Modiphius Entertainment Ltd.
- Type: Private
- Industry: Game company
- Founded: 2012; 14 years ago in London
- Founders: Chris Birch, Rita Birch
- Headquarters: London, UK
- Owners: Chris Birch (45%); Marharyta Kokhna (45%); Michael Cross (5%); Robin Harris (5%);
- Website: www.modiphius.net

= Modiphius Entertainment =

British game company

Modiphius Entertainment Ltd. is a tabletop role-playing game and board game publisher based in Fulham, London that is known for licensed adaptations of established media. Notable titles include Star Trek Adventures, Fallout: The Roleplaying Game, Dune: Adventures in the Imperium, Terry Pratchett’s Discworld: Adventures in Ankh-Morpork, and the Mass Effect board game.

== History ==
Modiphius was founded in 2012 by husband-wife team Rita and Chris Birch to publish their first game, Achtung! Cthulhu. The company have since published a number of product lines based on independent licenses and established brands.

==Games==

===Achtung! Cthulhu===

In 2013 the company raised £177,000 through Kickstarter to create Achtung! Cthulhu, a tabletop RPG set in the Second World War inspired by the work of H.P. Lovecraft. The first series of adventures for Achtung! Cthulhu is called "Zero Point," with the first two chapters called "Three Kings" and "Heroes of the Sea" by Sarah Newton.
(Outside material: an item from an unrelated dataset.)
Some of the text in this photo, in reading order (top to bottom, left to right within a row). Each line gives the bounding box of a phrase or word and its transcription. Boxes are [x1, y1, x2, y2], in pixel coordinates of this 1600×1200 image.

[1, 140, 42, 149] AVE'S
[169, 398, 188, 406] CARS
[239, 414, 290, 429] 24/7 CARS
The game was well-received in the RPG community, and won several awards, including Best Roleplaying Game at the 2014 UK Games Expo. In 2018 a videogame based on the franchise - called Achtung! Cthulhu Tactics - was released by Auroch Digital.

===Mutant Chronicles===
In 2013 Modiphius released the 3rd edition of popular post-apocalyptic RPG Mutant Chronicles.

===Fallout===
In 2017 the company acquired the license for Bethesda property Fallout and in 2018 released Fallout: Wasteland Warfare, a tabletop wargame featuring characters and settings from the videogame series. The company announced in 2019 that they would be working on an RPG expansion to Fallout: Wasteland Warfare to be released in the same year.

Modiphius developed a Fallout tabletop RPG using their 2d20 system, called Fallout: The Roleplaying Game. The game entered beta in 2019 with a projected release in 2020, but was delayed due to the COVID-19 pandemic. Fallout: The Roleplaying Game released digitally in March 2021, with a physical release in July the same year.
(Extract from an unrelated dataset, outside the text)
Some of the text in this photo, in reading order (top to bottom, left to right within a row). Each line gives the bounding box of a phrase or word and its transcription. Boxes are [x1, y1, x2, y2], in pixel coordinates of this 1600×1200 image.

In 2026 Modiphius released a solo tabletop role-playing game adapted from the Fallout: The Roleplaying Game ruleset called Fallout: Wasteland Wanderer.

=== Star Trek Adventures ===
In 2017 the company released their first edition of Star Trek Adventures, an RPG series based on the television series Star Trek. In 2024 the company released the quick start guide for the second edition of Star Trek Adventures as a free PDF. The full core rules for the second edition released in August 2024 at Gen Con.

=== Dune: Adventures in the Imperium ===
In May 2021, Modiphius released Dune: Adventures in the Imperium, based on the Dune fanchise. It won a Gold ENNIE Award for "Best Writing" with a writing team including Banana Chan. It was also nominated for "Product of the Year.". Modiphius announced an expansion, Fall of the Imperium, in 2024.

=== Discworld ===
In February 2024, Modiphius acquired the license to produce Terry Pratchett’s Discworld: Adventures in Ankh-Morpork. Modiphius launched a Kickstarter campaign to fund the project in October 2024.

=== Mass Effect ===
In 2024, Modiphius announced pre-orders for a Mass Effect board game.

===Other franchises===
- In 2014 the company released Thunderbirds, a co-operative board game designed by Matt Leacock based on the British children's TV show Thunderbirds.
- In 2015, the company announced a licensing deal for Robert E. Howard's Conan the Barbarian property, with the publication of a roleplaying game, Conan: Adventures in an Age Undreamed Of, and an ongoing line of supplements in that setting.
- In 2018 the company announced they would be working with DreamWorks Animation to produce a board game based on the children's films Kung Fu Panda.
- In 2018, they announced a John Carter of Mars roleplaying game and line of supporting material, based on the early-1900s pulp science fantasy series by Edgar Rice Burroughs.
- In 2022, they collaborate with Shawn Tomkin, Ironsworn creator, to publish a deluxe edition of its sci-fi supplement, Starforged.